Transcribe the records exactly. Pictures do not belong in the transcription.

Records from a collection:
-----

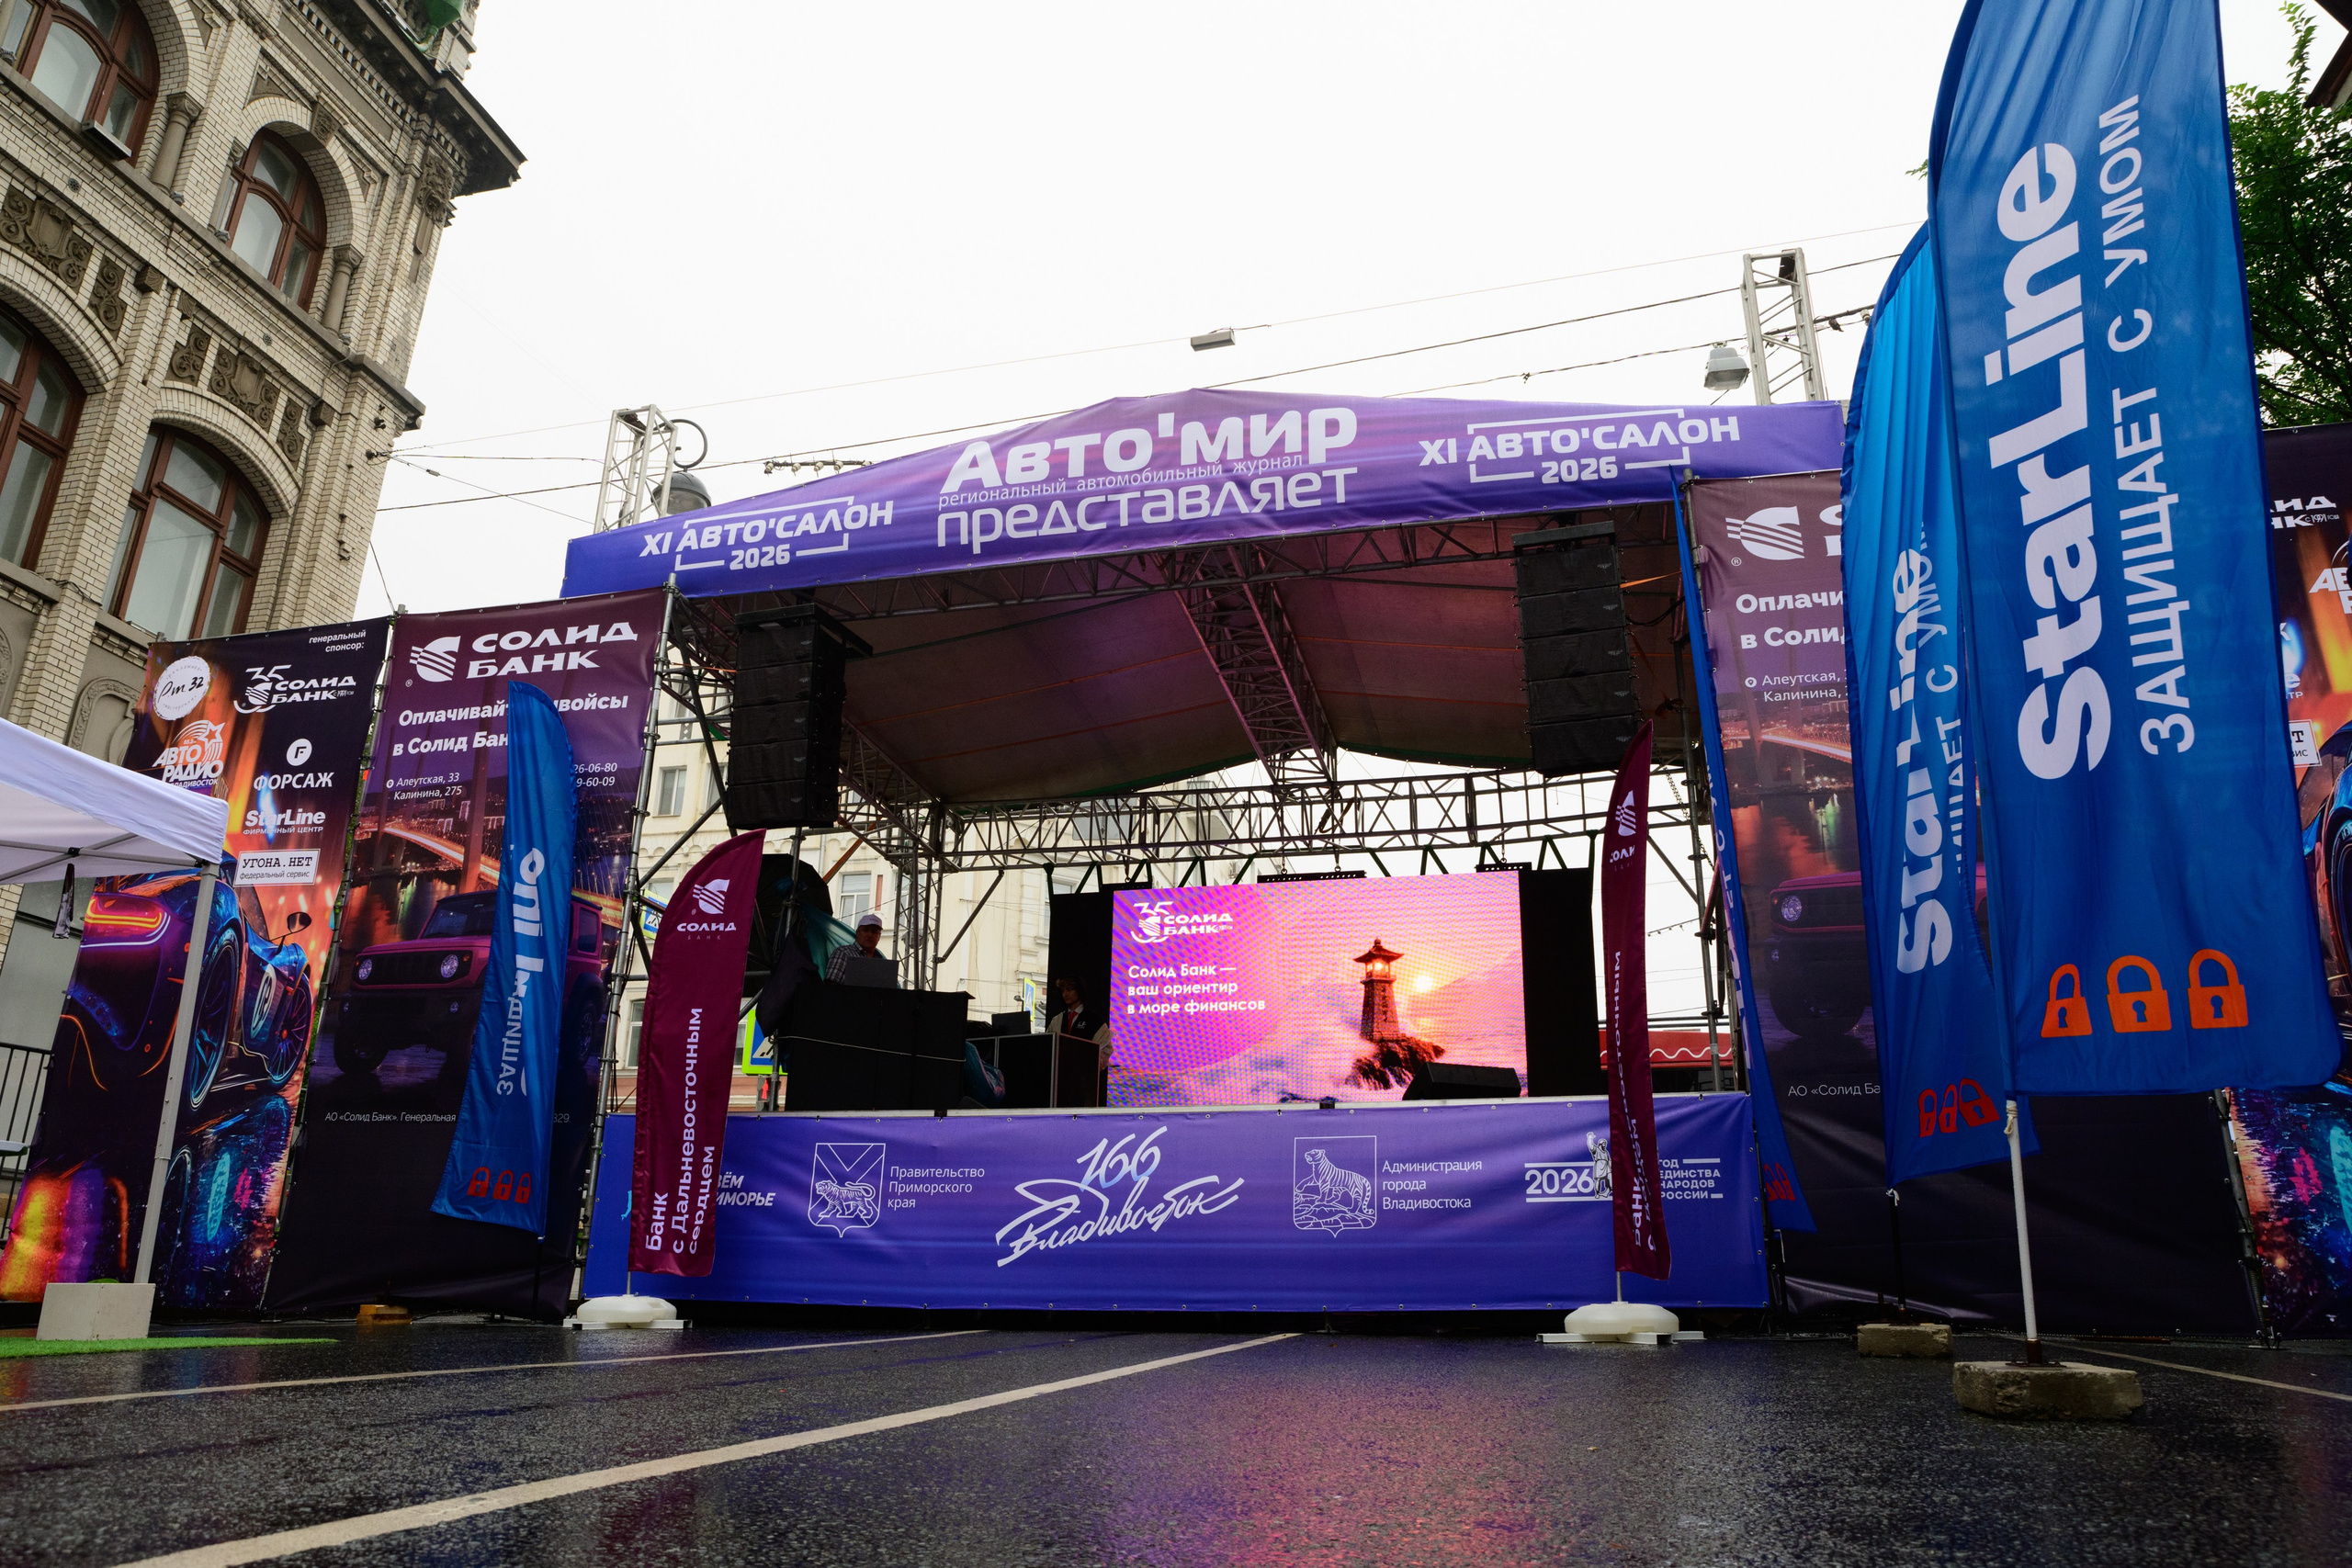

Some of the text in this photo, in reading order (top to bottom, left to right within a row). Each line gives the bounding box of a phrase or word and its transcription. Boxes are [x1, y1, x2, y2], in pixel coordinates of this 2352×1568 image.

[2098, 94, 2195, 755] ЗАЩИЩАЕТ С УМОМ
[1419, 438, 1457, 467] XI
[1984, 142, 2111, 780] StarLine
[1541, 455, 1618, 484] 2026
[938, 455, 1304, 511] региональный автомобильный журнал
[936, 467, 1358, 555] представляет
[639, 532, 673, 558] XI
[729, 544, 790, 570] 2026
[309, 629, 367, 644] генеральный
[471, 622, 638, 653] СОЛИД
[1740, 626, 1845, 649] в Соли
[325, 642, 365, 652] спонсор:
[466, 649, 600, 679] БАНК
[187, 676, 204, 692] 32
[276, 676, 356, 691] СОЛИД
[1762, 671, 1840, 686] Алеутская,
[1926, 664, 1958, 693] С
[271, 690, 337, 704] БАНК
[1763, 688, 1842, 703] Калинина,
[399, 694, 628, 727] Оплачивай войсы
[392, 731, 508, 756] в Солид Бан
[152, 744, 202, 768] АВТО
[162, 760, 223, 783] РАДИО
[573, 762, 617, 774] 26-06-80
[171, 778, 219, 788] ЛАДИВОСТОК
[254, 772, 334, 791] ФОРСАЖ
[396, 772, 459, 788] Алеутская, 33
[576, 776, 616, 788] 9-60-09
[393, 785, 462, 800] Калинина, 275
[245, 808, 325, 827] StarLine
[239, 870, 310, 880] федеральный сервис
[1163, 913, 1233, 924] СОЛИД
[676, 922, 737, 932] СОЛИД
[1163, 924, 1219, 935] БАНК
[1128, 964, 1177, 978] Солид
[1181, 964, 1217, 976] Банк
[1127, 982, 1238, 998] ваш ориентир
[1127, 998, 1266, 1016] в море финансов
[1788, 1082, 1881, 1097] АО «Солид Ба
[324, 1112, 338, 1122] АО
[400, 1111, 456, 1123] Генеральная
[672, 1008, 703, 1254] с Дальневосточным
[1076, 1125, 1168, 1192] 166
[889, 1166, 986, 1179] Правительство
[1382, 1160, 1482, 1174] Администрация
[888, 1180, 973, 1196] Приморского
[1382, 1178, 1427, 1193] города
[1524, 1168, 1594, 1195] 2026
[689, 1146, 715, 1255] сердцем
[715, 1191, 776, 1207] ИМОРЬЕ
[888, 1198, 916, 1210] края
[1382, 1196, 1472, 1211] Владивостока
[645, 1191, 669, 1250] Банк
[995, 1174, 1245, 1268] Владивосток

-----

Solution to the problem =>
Some of the text in this photo, in reading order (top to bottom, left to right within a row). Each line gives the bounding box of a phrase or word and its transcription. Boxes are [x1, y1, x2, y2], in pixel coordinates of this 2352×1568 image.

[2098, 94, 2195, 755] ЗАЩИЩАЕТ С УМОМ
[1419, 438, 1457, 467] XI
[1984, 142, 2111, 780] StarLine
[1541, 455, 1618, 484] 2026
[938, 455, 1304, 511] региональный автомобильный журнал
[936, 467, 1358, 555] представляет
[639, 532, 673, 558] XI
[729, 544, 790, 570] 2026
[309, 629, 367, 644] генеральный
[471, 622, 638, 653] СОЛИД
[1740, 626, 1845, 649] в Соли
[325, 642, 365, 652] спонсор:
[466, 649, 600, 679] БАНК
[187, 676, 204, 692] 32
[276, 676, 356, 691] СОЛИД
[1762, 671, 1840, 686] Алеутская,
[1926, 664, 1958, 693] С
[271, 690, 337, 704] БАНК
[1763, 688, 1842, 703] Калинина,
[399, 694, 628, 727] Оплачивай войсы
[392, 731, 508, 756] в Солид Бан
[152, 744, 202, 768] АВТО
[162, 760, 223, 783] РАДИО
[573, 762, 617, 774] 26-06-80
[171, 778, 219, 788] ЛАДИВОСТОК
[254, 772, 334, 791] ФОРСАЖ
[396, 772, 459, 788] Алеутская, 33
[576, 776, 616, 788] 9-60-09
[393, 785, 462, 800] Калинина, 275
[245, 808, 325, 827] StarLine
[239, 870, 310, 880] федеральный сервис
[1163, 913, 1233, 924] СОЛИД
[676, 922, 737, 932] СОЛИД
[1163, 924, 1219, 935] БАНК
[1128, 964, 1177, 978] Солид
[1181, 964, 1217, 976] Банк
[1127, 982, 1238, 998] ваш ориентир
[1127, 998, 1266, 1016] в море финансов
[1788, 1082, 1881, 1097] АО «Солид Ба
[324, 1112, 338, 1122] АО
[400, 1111, 456, 1123] Генеральная
[672, 1008, 703, 1254] с Дальневосточным
[1076, 1125, 1168, 1192] 166
[889, 1166, 986, 1179] Правительство
[1382, 1160, 1482, 1174] Администрация
[888, 1180, 973, 1196] Приморского
[1382, 1178, 1427, 1193] города
[1524, 1168, 1594, 1195] 2026
[689, 1146, 715, 1255] сердцем
[715, 1191, 776, 1207] ИМОРЬЕ
[888, 1198, 916, 1210] края
[1382, 1196, 1472, 1211] Владивостока
[645, 1191, 669, 1250] Банк
[995, 1174, 1245, 1268] Владивосток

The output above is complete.